Aida sloshed Cab Sav into a tumbler and sat and ate her sandwich alone. It might be more manageable, but that didn’t make it easy.
*
‘Glasson residence, Dorthea speaking.’
Aida clutched the phone to her ear and tried to will the words from her throat, but it felt as though there were marbles blocking the way.
‘Is anyone there, hello?’
Aida considered hanging up. Set the phone back in its cradle and no one would even know she had called. Maybe she could take a few days to herself; clean the house, shop for food. Give Thomas and Elsie some space. Maybe that was all she needed.
Aida pressed the mouthpiece tightly against her chin.
Earlier she had heard coming from next door the sounds of Thomas’s exclaimed greeting, laughter from an unfamiliar male voice. She had peered through a crack in the curtains, but she couldn’t see across to the other front door. The car on the street was a dusty blue wagon.
‘Hello . . . ?’ Her mother’s voice moved away from the phone. ‘I don’t know, John, I can’t hear anything.’
Resting the phone in the crook of her shoulder, she felt the phantom weight of Millie’s head nestled into her neck. Sometimes, Elsie put the baby in the pram and parked it under the gum tree. Said the fresh air was good for her lungs. Even when she wasn’t in her arms, Elsie always knew where her baby was. Elsie was always doing the right things for her baby.

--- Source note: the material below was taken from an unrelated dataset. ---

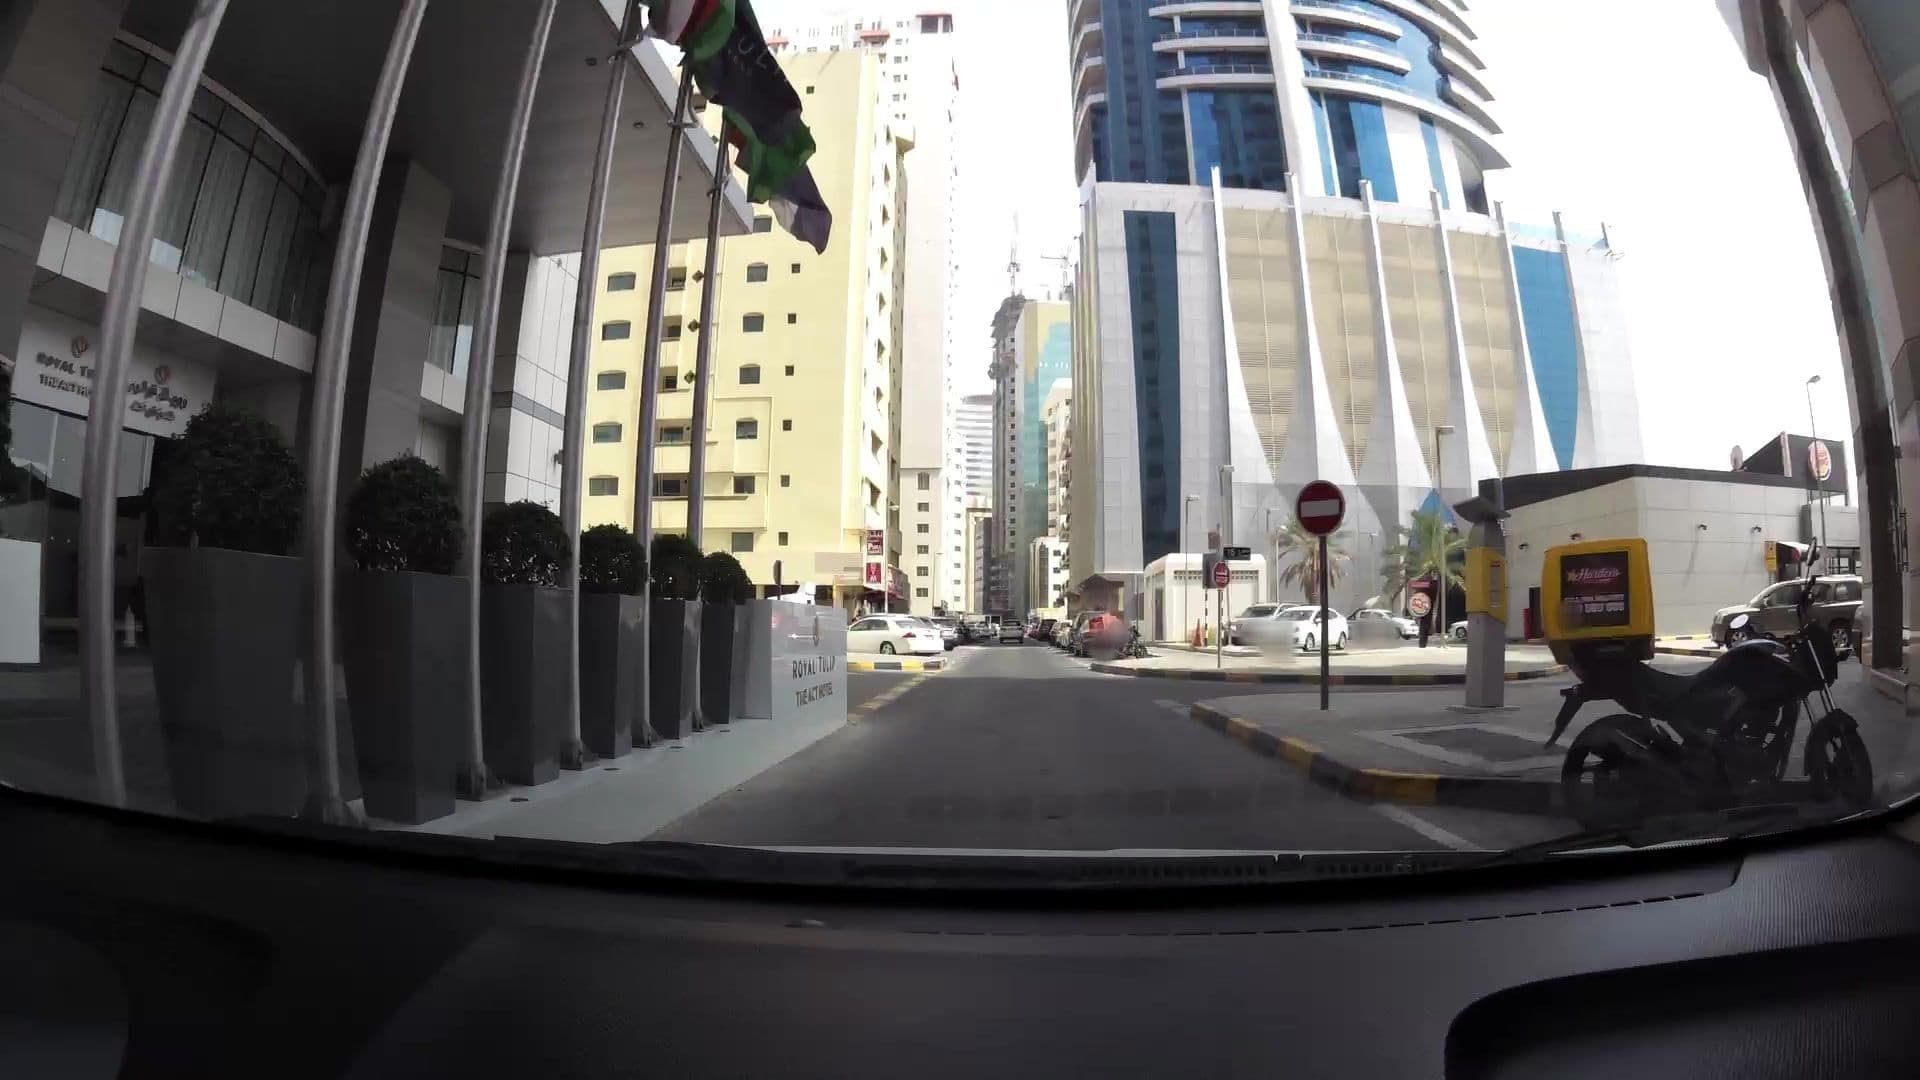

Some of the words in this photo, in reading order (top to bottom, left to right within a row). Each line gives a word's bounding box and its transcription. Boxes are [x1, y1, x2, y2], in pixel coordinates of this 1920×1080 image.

[792, 659, 815, 680] ROYAL
[817, 656, 836, 673] TULIP
[796, 688, 808, 708] THE

Aida did not know where her baby was.
The scent of Millie lingered on Aida’s clothing: Lux soap and milk. The sourness of bottled milk – Aida realised that’s what her baby would have smelled like, too. Elsie said the doctors had told her that her own milk wasn’t good enough, but Aida pictured the swollen, vein-tracked redness of Elsie’s breasts, the greasy damp spots that darkened the fronts of her dresses, and pressed her fingernails into her palms.

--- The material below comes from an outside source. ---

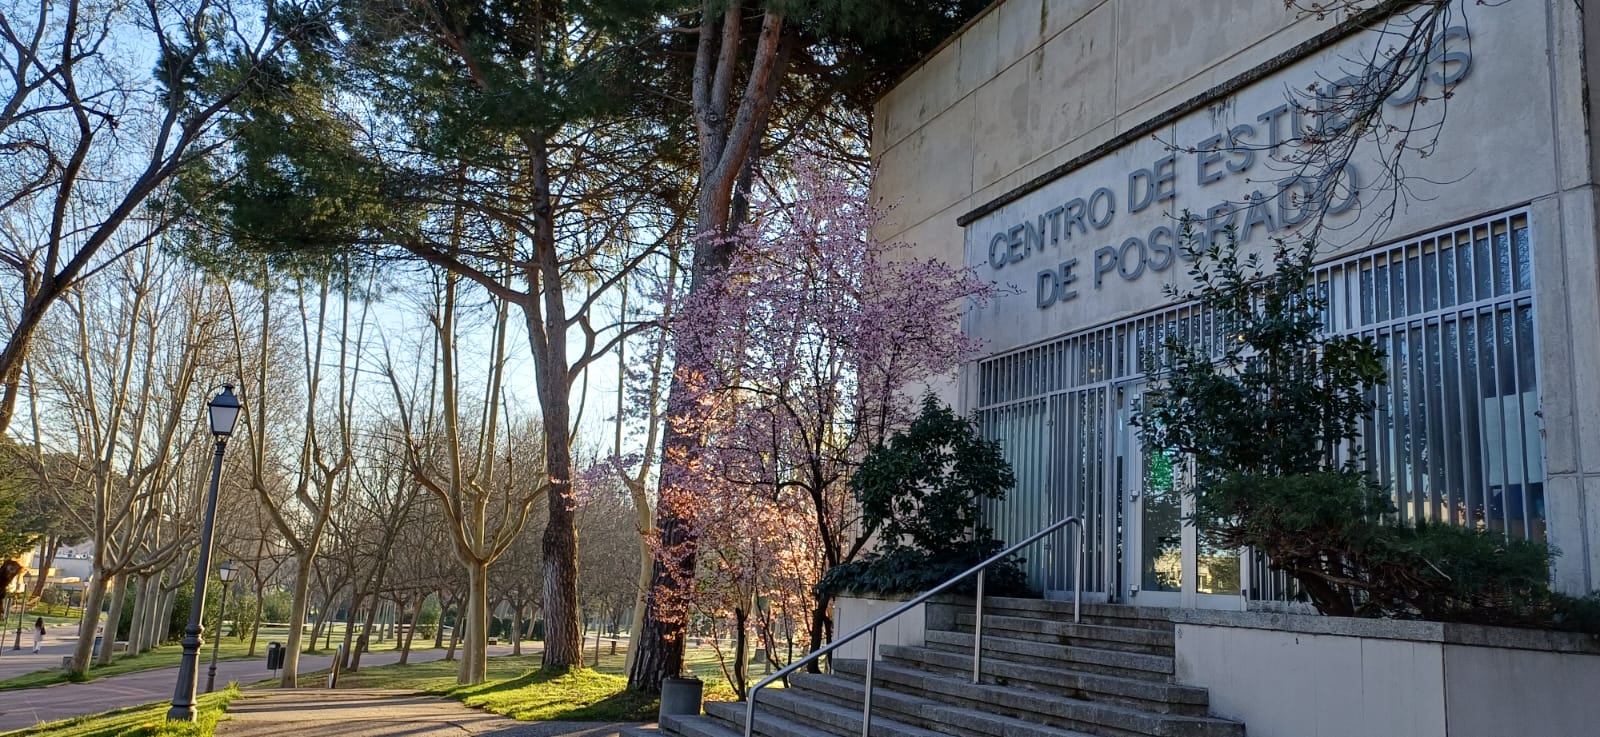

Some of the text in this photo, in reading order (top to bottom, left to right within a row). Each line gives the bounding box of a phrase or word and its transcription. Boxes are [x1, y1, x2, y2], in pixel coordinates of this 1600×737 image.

Two years ago, only a few nights after she had finally returned to her parents’ house from the lying-in home, Aida had awoken in her childhood bed in the dark, sweating and painful with fever. She had removed her nightdress and unrolled the bindings from her chest. The last few strips had been gluey across the front and she had flinched as she peeled the last strip away from her nipples; it had come away with a soft un-sticking sound. Aida remembered holding the strip and seeing the yellowish stains on the fabric. Her milk. Her baby’s milk.

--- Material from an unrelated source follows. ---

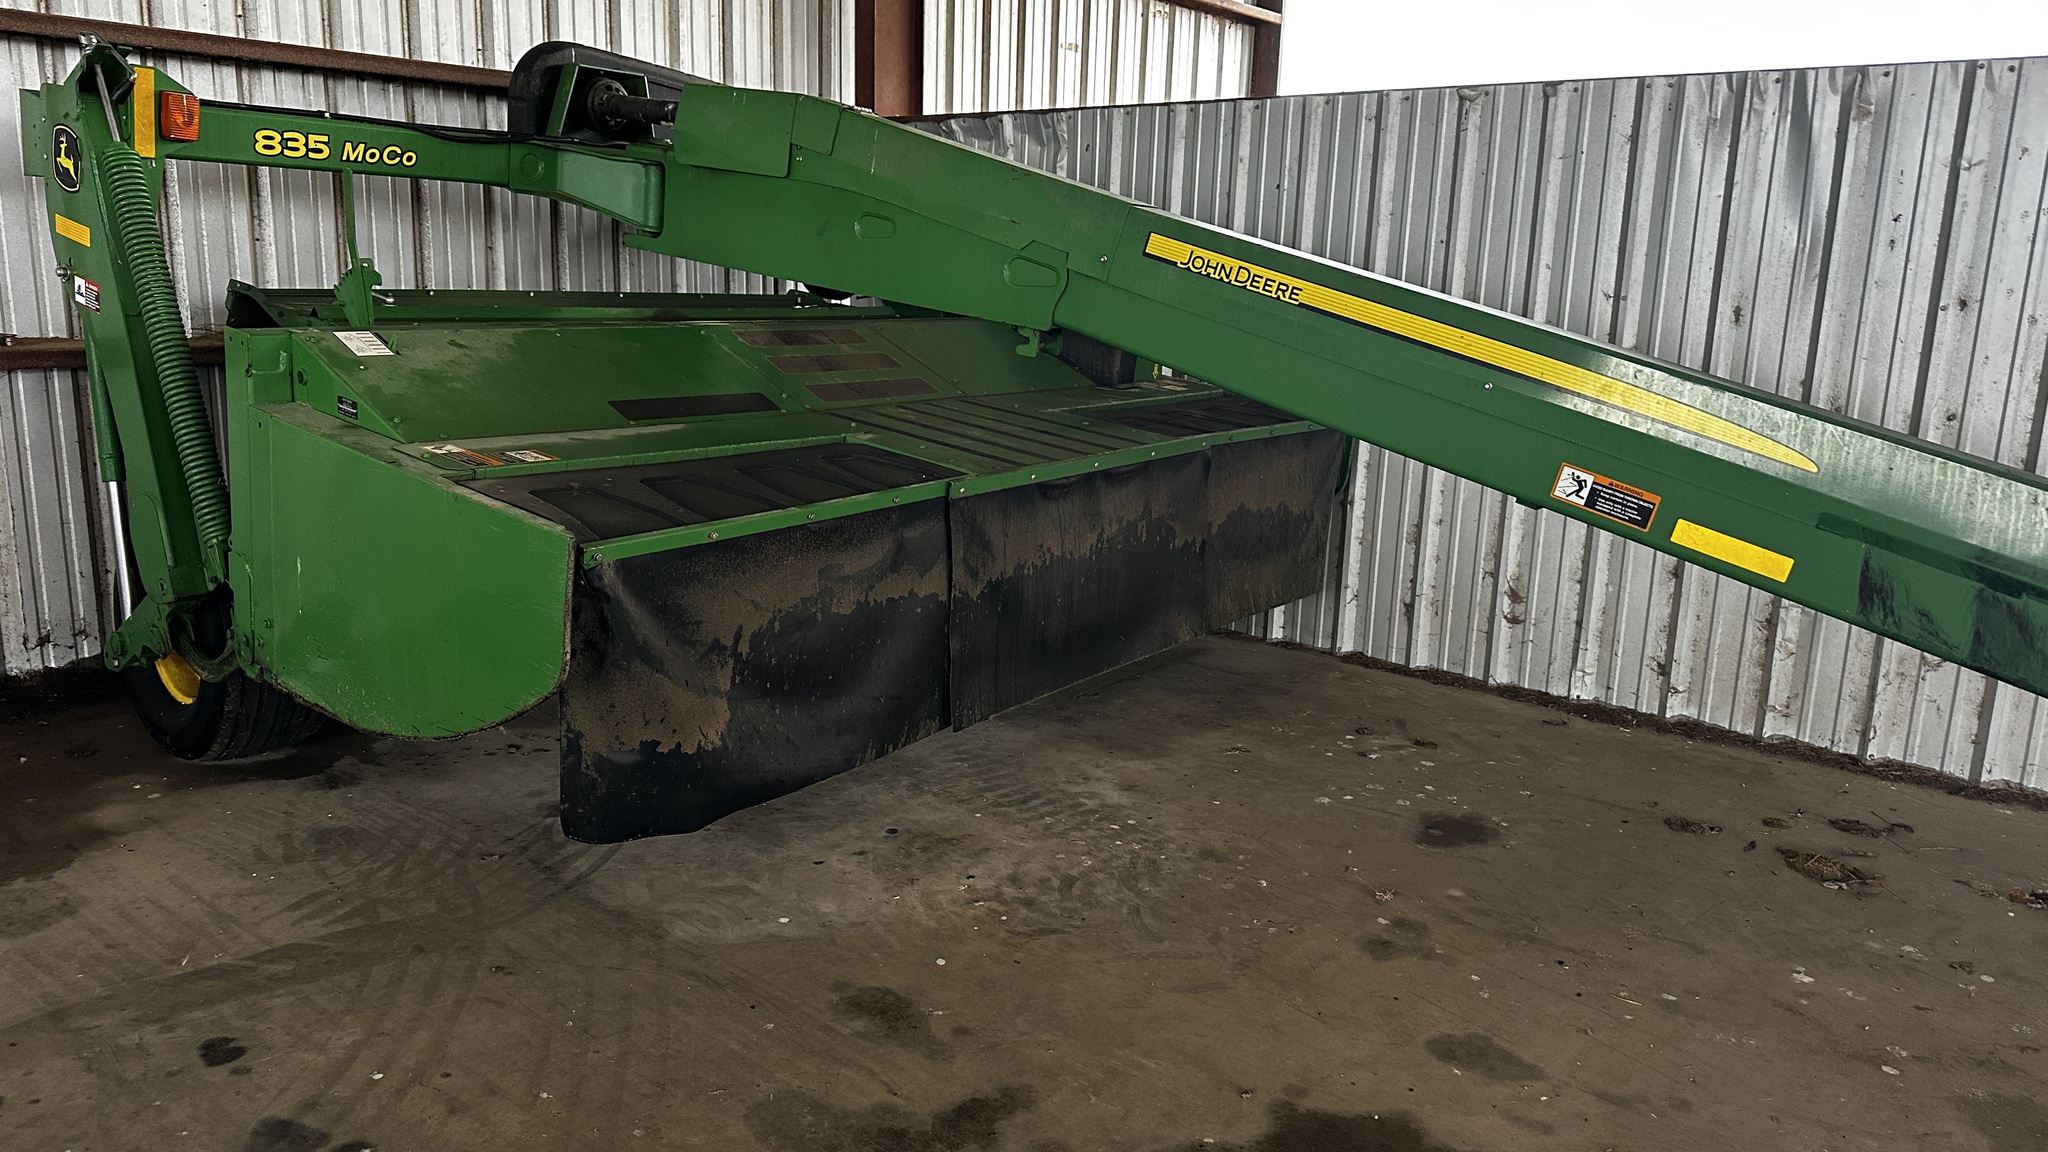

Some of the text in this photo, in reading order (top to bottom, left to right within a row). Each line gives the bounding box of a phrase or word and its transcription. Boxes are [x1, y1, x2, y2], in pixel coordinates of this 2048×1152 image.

[254, 128, 418, 167] 835 MoCo
[1179, 250, 1303, 303] JOHN DEERE
[1613, 482, 1644, 497] WARNING

As she stared at the stained binding, Aida had felt a strange sensation in her breasts. A tingling rush, as though the flesh was gathering up like fabric into smocking. And as she watched, her nipples drew out and creamy beads formed at their tips, then dripped and landed on the barren roll of her belly, sliding down her skin and into her underwear. Mixing with her tears.
Her mother’s voice came tinny through the earpiece. ‘If there’s someone there I can’t hear you. Speak up, please.’
What kind of a life was this? There were courting couples, there were husbands and wives – but Thomas, Elsie and Aida? Aida didn’t know if a word existed for what they were.
Aida swigged the last mouthful of wine, and said, ‘Mum, it’s me.’
‘Aida?’
‘Yeah.’
‘Oh my goodness. Has something happened?’
‘Everything’s fine.’ It was like a reflex, wasn’t it? How are you / I’m fine. But she wasn’t fine. The only reason Aida was calling her mother, whom she had barely spoken to for over a year, was because she felt as though she was unravelling. Soon there might be nothing holding her together. And she didn’t know why.